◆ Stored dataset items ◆
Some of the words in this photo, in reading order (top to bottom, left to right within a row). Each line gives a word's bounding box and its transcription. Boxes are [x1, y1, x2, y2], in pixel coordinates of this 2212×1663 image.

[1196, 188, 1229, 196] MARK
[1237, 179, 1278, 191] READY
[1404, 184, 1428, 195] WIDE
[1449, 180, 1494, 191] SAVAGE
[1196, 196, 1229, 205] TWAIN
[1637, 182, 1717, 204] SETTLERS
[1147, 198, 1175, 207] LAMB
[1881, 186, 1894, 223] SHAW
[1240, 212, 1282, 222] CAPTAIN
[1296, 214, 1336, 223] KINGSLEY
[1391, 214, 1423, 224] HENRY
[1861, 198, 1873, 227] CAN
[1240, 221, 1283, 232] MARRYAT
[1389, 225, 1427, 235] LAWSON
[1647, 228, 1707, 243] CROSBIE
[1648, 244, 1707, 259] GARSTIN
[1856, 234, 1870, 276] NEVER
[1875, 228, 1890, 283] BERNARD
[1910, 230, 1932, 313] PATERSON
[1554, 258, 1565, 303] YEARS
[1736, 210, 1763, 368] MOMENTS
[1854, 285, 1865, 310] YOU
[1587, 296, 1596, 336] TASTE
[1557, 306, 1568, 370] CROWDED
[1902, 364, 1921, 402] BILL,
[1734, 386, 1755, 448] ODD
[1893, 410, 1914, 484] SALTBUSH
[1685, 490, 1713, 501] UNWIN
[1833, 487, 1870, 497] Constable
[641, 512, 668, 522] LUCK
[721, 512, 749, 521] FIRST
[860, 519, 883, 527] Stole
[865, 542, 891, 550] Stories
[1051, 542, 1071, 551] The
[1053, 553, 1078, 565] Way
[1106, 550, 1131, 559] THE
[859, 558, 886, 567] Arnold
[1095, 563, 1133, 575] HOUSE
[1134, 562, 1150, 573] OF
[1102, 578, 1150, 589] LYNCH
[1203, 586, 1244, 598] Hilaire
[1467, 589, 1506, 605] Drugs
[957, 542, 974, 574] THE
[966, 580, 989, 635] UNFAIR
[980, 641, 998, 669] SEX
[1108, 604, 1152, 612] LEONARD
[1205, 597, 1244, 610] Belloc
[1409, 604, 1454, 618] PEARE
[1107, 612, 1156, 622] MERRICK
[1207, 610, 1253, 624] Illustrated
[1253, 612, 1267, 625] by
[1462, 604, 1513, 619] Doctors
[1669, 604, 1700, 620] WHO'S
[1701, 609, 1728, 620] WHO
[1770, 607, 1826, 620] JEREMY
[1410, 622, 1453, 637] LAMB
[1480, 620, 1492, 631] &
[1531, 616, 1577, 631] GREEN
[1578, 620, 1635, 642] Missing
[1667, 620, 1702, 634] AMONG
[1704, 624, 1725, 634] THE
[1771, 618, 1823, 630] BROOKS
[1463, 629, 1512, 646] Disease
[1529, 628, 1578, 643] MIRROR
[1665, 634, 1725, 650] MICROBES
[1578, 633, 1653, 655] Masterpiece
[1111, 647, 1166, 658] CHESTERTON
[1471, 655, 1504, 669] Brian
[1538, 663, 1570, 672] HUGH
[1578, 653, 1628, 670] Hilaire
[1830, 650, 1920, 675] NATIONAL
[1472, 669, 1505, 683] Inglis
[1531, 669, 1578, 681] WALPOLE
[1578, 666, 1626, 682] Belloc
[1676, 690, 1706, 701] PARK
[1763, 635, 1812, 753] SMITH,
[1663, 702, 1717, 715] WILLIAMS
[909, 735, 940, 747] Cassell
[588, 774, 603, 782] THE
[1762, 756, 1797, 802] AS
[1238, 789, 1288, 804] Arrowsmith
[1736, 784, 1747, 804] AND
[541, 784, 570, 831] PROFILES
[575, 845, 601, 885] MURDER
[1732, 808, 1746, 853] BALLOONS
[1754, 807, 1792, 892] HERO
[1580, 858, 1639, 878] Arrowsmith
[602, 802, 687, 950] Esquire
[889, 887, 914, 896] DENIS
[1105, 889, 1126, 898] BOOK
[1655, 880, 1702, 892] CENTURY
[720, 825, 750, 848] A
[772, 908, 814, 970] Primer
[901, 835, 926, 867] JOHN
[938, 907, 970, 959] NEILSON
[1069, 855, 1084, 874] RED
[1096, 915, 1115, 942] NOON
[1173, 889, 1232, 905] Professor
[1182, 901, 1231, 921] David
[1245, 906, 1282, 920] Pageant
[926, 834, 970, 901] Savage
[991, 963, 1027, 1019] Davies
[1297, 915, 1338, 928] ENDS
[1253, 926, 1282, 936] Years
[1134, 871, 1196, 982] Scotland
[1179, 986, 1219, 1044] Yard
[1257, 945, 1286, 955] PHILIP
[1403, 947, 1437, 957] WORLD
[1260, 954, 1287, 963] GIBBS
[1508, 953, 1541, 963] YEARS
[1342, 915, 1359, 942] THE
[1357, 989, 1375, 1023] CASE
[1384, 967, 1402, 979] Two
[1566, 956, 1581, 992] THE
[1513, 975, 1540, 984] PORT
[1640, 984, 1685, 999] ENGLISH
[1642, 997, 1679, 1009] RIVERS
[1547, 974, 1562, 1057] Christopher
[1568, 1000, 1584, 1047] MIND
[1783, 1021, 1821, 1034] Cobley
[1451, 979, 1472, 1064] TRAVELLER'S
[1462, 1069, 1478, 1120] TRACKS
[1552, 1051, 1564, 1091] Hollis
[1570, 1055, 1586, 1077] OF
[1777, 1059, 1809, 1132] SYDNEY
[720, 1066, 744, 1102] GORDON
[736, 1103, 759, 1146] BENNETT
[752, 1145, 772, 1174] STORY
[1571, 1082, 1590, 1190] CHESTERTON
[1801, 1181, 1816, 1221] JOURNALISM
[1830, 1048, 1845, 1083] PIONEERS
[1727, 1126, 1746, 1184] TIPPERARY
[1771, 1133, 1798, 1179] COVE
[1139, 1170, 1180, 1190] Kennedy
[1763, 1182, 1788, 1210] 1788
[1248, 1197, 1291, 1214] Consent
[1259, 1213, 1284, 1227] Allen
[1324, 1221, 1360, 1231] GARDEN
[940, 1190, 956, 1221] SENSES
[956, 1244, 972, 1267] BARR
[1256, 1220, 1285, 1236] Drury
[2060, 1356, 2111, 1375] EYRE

◆ YOUR INSTRUCTIONS ◆
Would you please write out the entries again exactly?

◆ REPLY TO THE TASK ◆
Some of the words in this photo, in reading order (top to bottom, left to right within a row). Each line gives a word's bounding box and its transcription. Boxes are [x1, y1, x2, y2], in pixel coordinates of this 2212×1663 image.

[1196, 188, 1229, 196] MARK
[1237, 179, 1278, 191] READY
[1404, 184, 1428, 195] WIDE
[1449, 180, 1494, 191] SAVAGE
[1196, 196, 1229, 205] TWAIN
[1637, 182, 1717, 204] SETTLERS
[1147, 198, 1175, 207] LAMB
[1881, 186, 1894, 223] SHAW
[1240, 212, 1282, 222] CAPTAIN
[1296, 214, 1336, 223] KINGSLEY
[1391, 214, 1423, 224] HENRY
[1861, 198, 1873, 227] CAN
[1240, 221, 1283, 232] MARRYAT
[1389, 225, 1427, 235] LAWSON
[1647, 228, 1707, 243] CROSBIE
[1648, 244, 1707, 259] GARSTIN
[1856, 234, 1870, 276] NEVER
[1875, 228, 1890, 283] BERNARD
[1910, 230, 1932, 313] PATERSON
[1554, 258, 1565, 303] YEARS
[1736, 210, 1763, 368] MOMENTS
[1854, 285, 1865, 310] YOU
[1587, 296, 1596, 336] TASTE
[1557, 306, 1568, 370] CROWDED
[1902, 364, 1921, 402] BILL,
[1734, 386, 1755, 448] ODD
[1893, 410, 1914, 484] SALTBUSH
[1685, 490, 1713, 501] UNWIN
[1833, 487, 1870, 497] Constable
[641, 512, 668, 522] LUCK
[721, 512, 749, 521] FIRST
[860, 519, 883, 527] Stole
[865, 542, 891, 550] Stories
[1051, 542, 1071, 551] The
[1053, 553, 1078, 565] Way
[1106, 550, 1131, 559] THE
[859, 558, 886, 567] Arnold
[1095, 563, 1133, 575] HOUSE
[1134, 562, 1150, 573] OF
[1102, 578, 1150, 589] LYNCH
[1203, 586, 1244, 598] Hilaire
[1467, 589, 1506, 605] Drugs
[957, 542, 974, 574] THE
[966, 580, 989, 635] UNFAIR
[980, 641, 998, 669] SEX
[1108, 604, 1152, 612] LEONARD
[1205, 597, 1244, 610] Belloc
[1409, 604, 1454, 618] PEARE
[1107, 612, 1156, 622] MERRICK
[1207, 610, 1253, 624] Illustrated
[1253, 612, 1267, 625] by
[1462, 604, 1513, 619] Doctors
[1669, 604, 1700, 620] WHO'S
[1701, 609, 1728, 620] WHO
[1770, 607, 1826, 620] JEREMY
[1410, 622, 1453, 637] LAMB
[1480, 620, 1492, 631] &
[1531, 616, 1577, 631] GREEN
[1578, 620, 1635, 642] Missing
[1667, 620, 1702, 634] AMONG
[1704, 624, 1725, 634] THE
[1771, 618, 1823, 630] BROOKS
[1463, 629, 1512, 646] Disease
[1529, 628, 1578, 643] MIRROR
[1665, 634, 1725, 650] MICROBES
[1578, 633, 1653, 655] Masterpiece
[1111, 647, 1166, 658] CHESTERTON
[1471, 655, 1504, 669] Brian
[1538, 663, 1570, 672] HUGH
[1578, 653, 1628, 670] Hilaire
[1830, 650, 1920, 675] NATIONAL
[1472, 669, 1505, 683] Inglis
[1531, 669, 1578, 681] WALPOLE
[1578, 666, 1626, 682] Belloc
[1676, 690, 1706, 701] PARK
[1763, 635, 1812, 753] SMITH,
[1663, 702, 1717, 715] WILLIAMS
[909, 735, 940, 747] Cassell
[588, 774, 603, 782] THE
[1762, 756, 1797, 802] AS
[1238, 789, 1288, 804] Arrowsmith
[1736, 784, 1747, 804] AND
[541, 784, 570, 831] PROFILES
[575, 845, 601, 885] MURDER
[1732, 808, 1746, 853] BALLOONS
[1754, 807, 1792, 892] HERO
[1580, 858, 1639, 878] Arrowsmith
[602, 802, 687, 950] Esquire
[889, 887, 914, 896] DENIS
[1105, 889, 1126, 898] BOOK
[1655, 880, 1702, 892] CENTURY
[720, 825, 750, 848] A
[772, 908, 814, 970] Primer
[901, 835, 926, 867] JOHN
[938, 907, 970, 959] NEILSON
[1069, 855, 1084, 874] RED
[1096, 915, 1115, 942] NOON
[1173, 889, 1232, 905] Professor
[1182, 901, 1231, 921] David
[1245, 906, 1282, 920] Pageant
[926, 834, 970, 901] Savage
[991, 963, 1027, 1019] Davies
[1297, 915, 1338, 928] ENDS
[1253, 926, 1282, 936] Years
[1134, 871, 1196, 982] Scotland
[1179, 986, 1219, 1044] Yard
[1257, 945, 1286, 955] PHILIP
[1403, 947, 1437, 957] WORLD
[1260, 954, 1287, 963] GIBBS
[1508, 953, 1541, 963] YEARS
[1342, 915, 1359, 942] THE
[1357, 989, 1375, 1023] CASE
[1384, 967, 1402, 979] Two
[1566, 956, 1581, 992] THE
[1513, 975, 1540, 984] PORT
[1640, 984, 1685, 999] ENGLISH
[1642, 997, 1679, 1009] RIVERS
[1547, 974, 1562, 1057] Christopher
[1568, 1000, 1584, 1047] MIND
[1783, 1021, 1821, 1034] Cobley
[1451, 979, 1472, 1064] TRAVELLER'S
[1462, 1069, 1478, 1120] TRACKS
[1552, 1051, 1564, 1091] Hollis
[1570, 1055, 1586, 1077] OF
[1777, 1059, 1809, 1132] SYDNEY
[720, 1066, 744, 1102] GORDON
[736, 1103, 759, 1146] BENNETT
[752, 1145, 772, 1174] STORY
[1571, 1082, 1590, 1190] CHESTERTON
[1801, 1181, 1816, 1221] JOURNALISM
[1830, 1048, 1845, 1083] PIONEERS
[1727, 1126, 1746, 1184] TIPPERARY
[1771, 1133, 1798, 1179] COVE
[1139, 1170, 1180, 1190] Kennedy
[1763, 1182, 1788, 1210] 1788
[1248, 1197, 1291, 1214] Consent
[1259, 1213, 1284, 1227] Allen
[1324, 1221, 1360, 1231] GARDEN
[940, 1190, 956, 1221] SENSES
[956, 1244, 972, 1267] BARR
[1256, 1220, 1285, 1236] Drury
[2060, 1356, 2111, 1375] EYRE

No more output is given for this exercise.